Methods: Immunohistochemistry analysis of NSCLC patient cohorts was performed to demonstrate the correlation between RASON expression and NSCLC progression. Immunoblotting was performed to evaluate the effects of RASON on KRAS^G12C downstream signaling. In vitro and in vivo assays including cell proliferation, sphere formation, tumor implantation and genetic mouse models were performed to determine the oncogenic role of RASON. RNA-seq analysis was utilized to identify the key signaling pathway regulated by RASON. Immunofluorescence, immunoprecipitation, nuclear magnetic resonance and biochemistry assays were used to validate the interaction between KRAS^G12C and RASON. Phagocytosis assay and flow cytometry were conducted to explore the effects of RASON on the tumor immune microenvironment. Pharmacological inhibition in subcutaneous xenograft model was used to determine the therapeutical potential of RASON.

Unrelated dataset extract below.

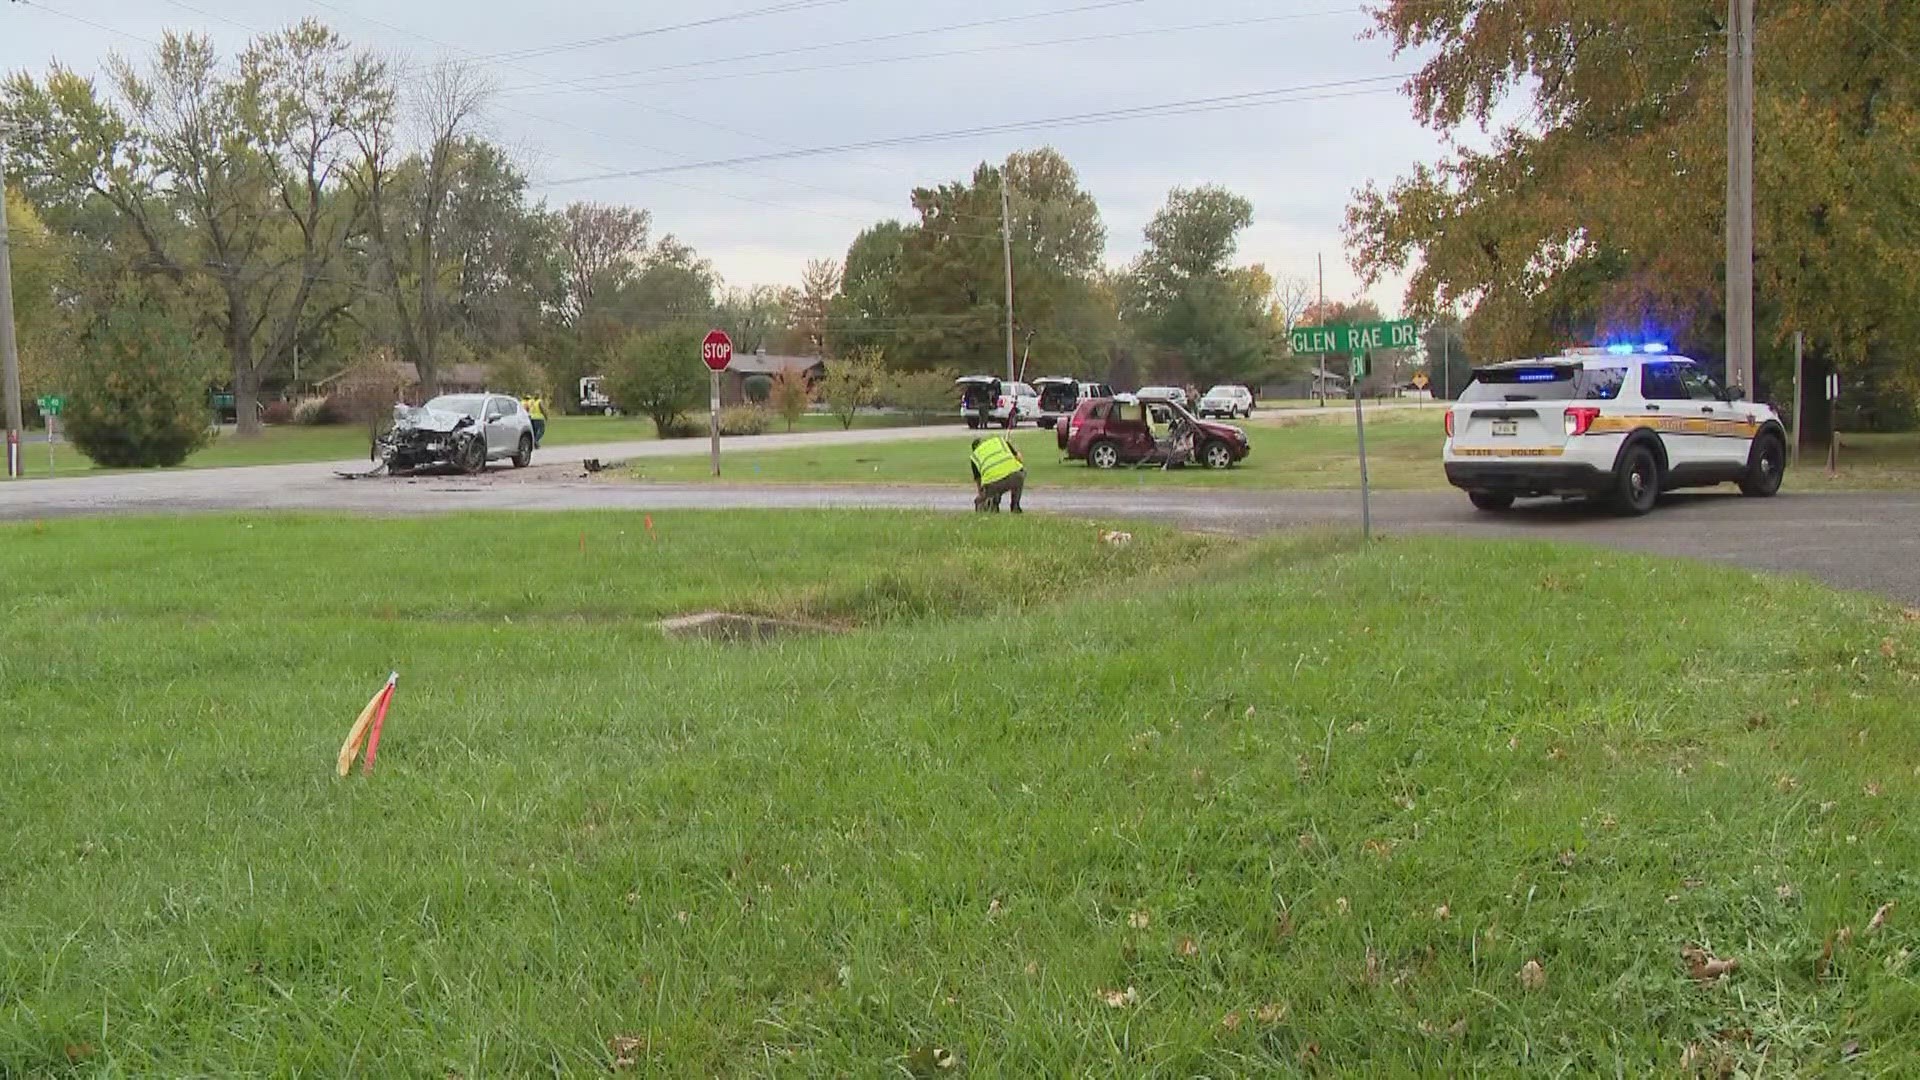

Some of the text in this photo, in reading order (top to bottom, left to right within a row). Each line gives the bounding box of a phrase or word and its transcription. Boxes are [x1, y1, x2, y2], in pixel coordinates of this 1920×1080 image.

[1292, 324, 1415, 353] GLEN RAE DR
[704, 342, 730, 359] STOP
[1510, 448, 1545, 456] POLICE

Results: RASON is overexpressed in NSCLC with KRAS^G12C mutation and correlates with poor patient prognosis. Genetic knockout of RASON significantly reduced lung tumor burden in LSL-KRAS^G12D; Trp53^R172H/+ mice. In KRAS^G12C-mutant lung cancer cell lines, RASON overexpression enhanced, while CRISPR-mediated knockout suppressed, both in vitro proliferation and in vivo tumor growth. Mechanistically, RASON directly binds KRAS^G12C, stabilizes it in the GTP-bound hyperactive state and promotes downstream signaling. RASON knockout significantly reduced CD47 expression, enhancing macrophage-mediated phagocytosis and anti-tumor immunity. Therapeutically, antisense oligonucleotides targeting RASON not only exhibited tumor-suppressive effects, but also synergized with the KRAS^G12C inhibitor AMG-510 to significantly enhance anti-tumor efficacy.

Conclusion: This study reveals RASON as a key oncogenic regulator of KRAS^G12C signaling, driving lung tumorigenesis and progression, and identifies RASON as a promising therapeutic target for KRAS^G12C mutant non-small cell lung cancer.